A entrada dele na vida dela foi, segundo ela mesma, “um espetáculo maravilhoso”. Ela tem delírios poéticos ao falar de Rank: “Os olhos de Rank, aqueles olhos preenchem o silêncio”. Ou quando diz: “Ele deseja se perder,
se afogar em mim”. Ou quando confessa: “Não posso viver sem vê-lo. É uma fome, uma fome insaciável”.

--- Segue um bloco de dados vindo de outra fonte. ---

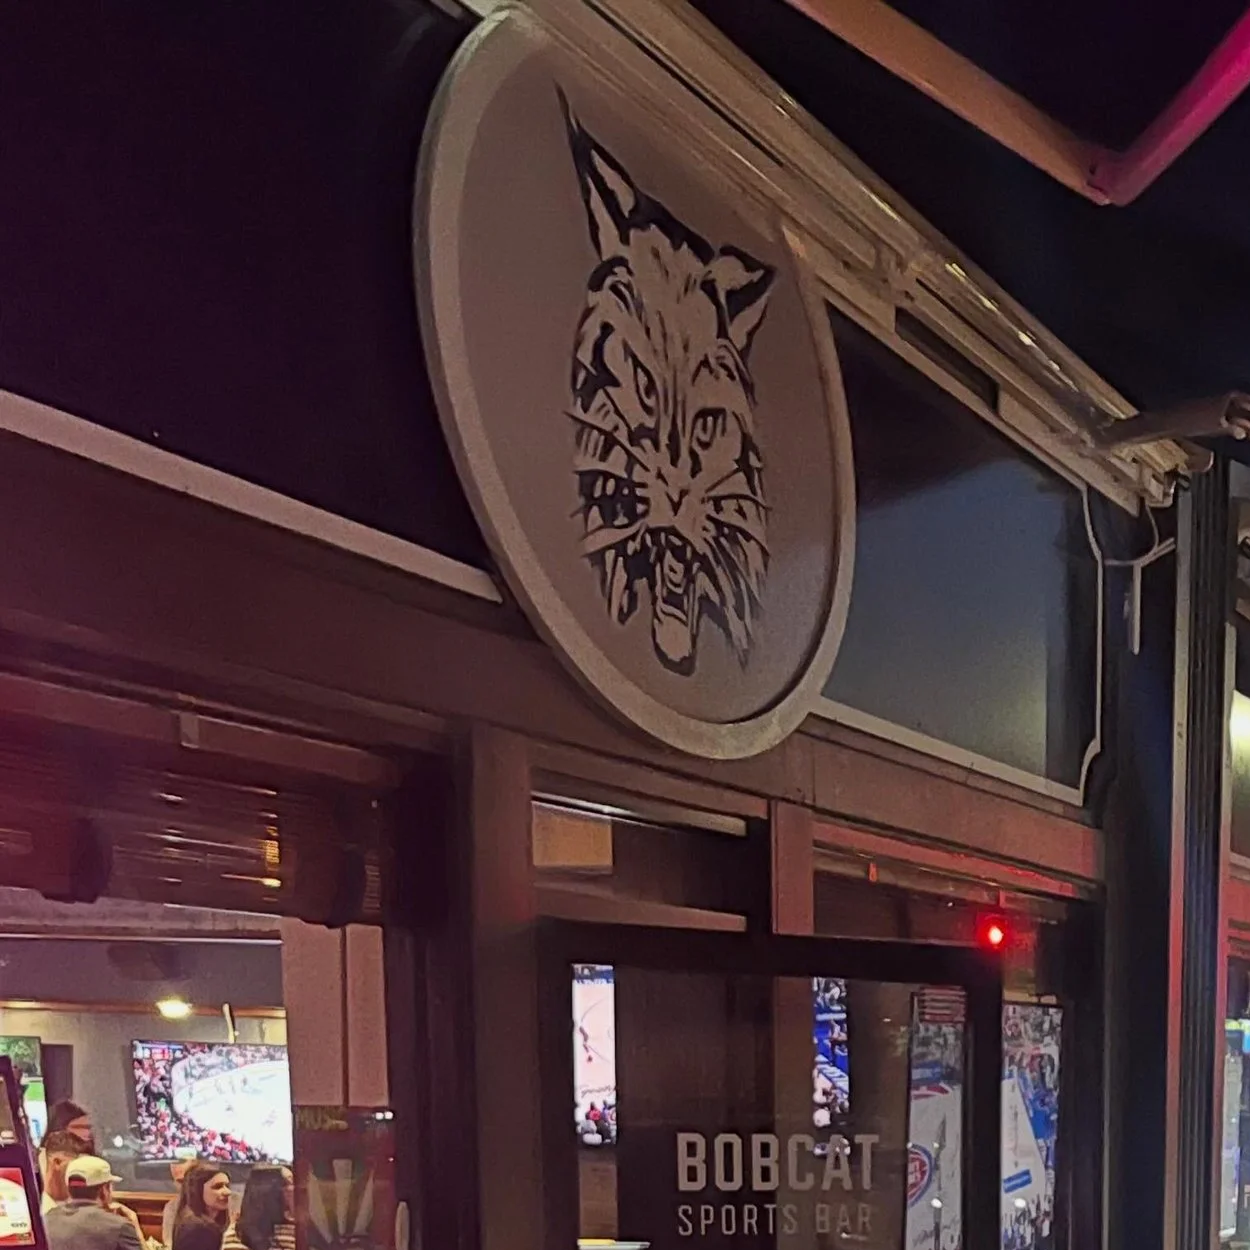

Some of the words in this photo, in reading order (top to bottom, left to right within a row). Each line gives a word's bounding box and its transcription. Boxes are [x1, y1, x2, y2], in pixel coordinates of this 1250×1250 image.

Envolveu-se também com Antonin Artaud, ator de teatro e cinema, ensaísta, poeta, um outsider, maldito da época. Reconhecia seu talento, genialidade, mas não houve um encontro sexual bem-sucedido, e ela não deixa de registrar isso. Seu amante mais constante, no entanto, foi Henri Miller, que estava às voltas então com a conclusão de Trópico de Câncer, seu primeiro livro. Temperamental, explosivo, egoísta, Miller conseguiu seduzir Anais. Ou será melhor dizer que se seduziram? Talvez. Foi um intenso amor. Que sofreu abalos quando do surgimento de Otto Rank. Entre Anais e Miller houve uma troca de correspondência que durou a vida inteira. Ela conseguiu conviver com muitos deslumbramentos.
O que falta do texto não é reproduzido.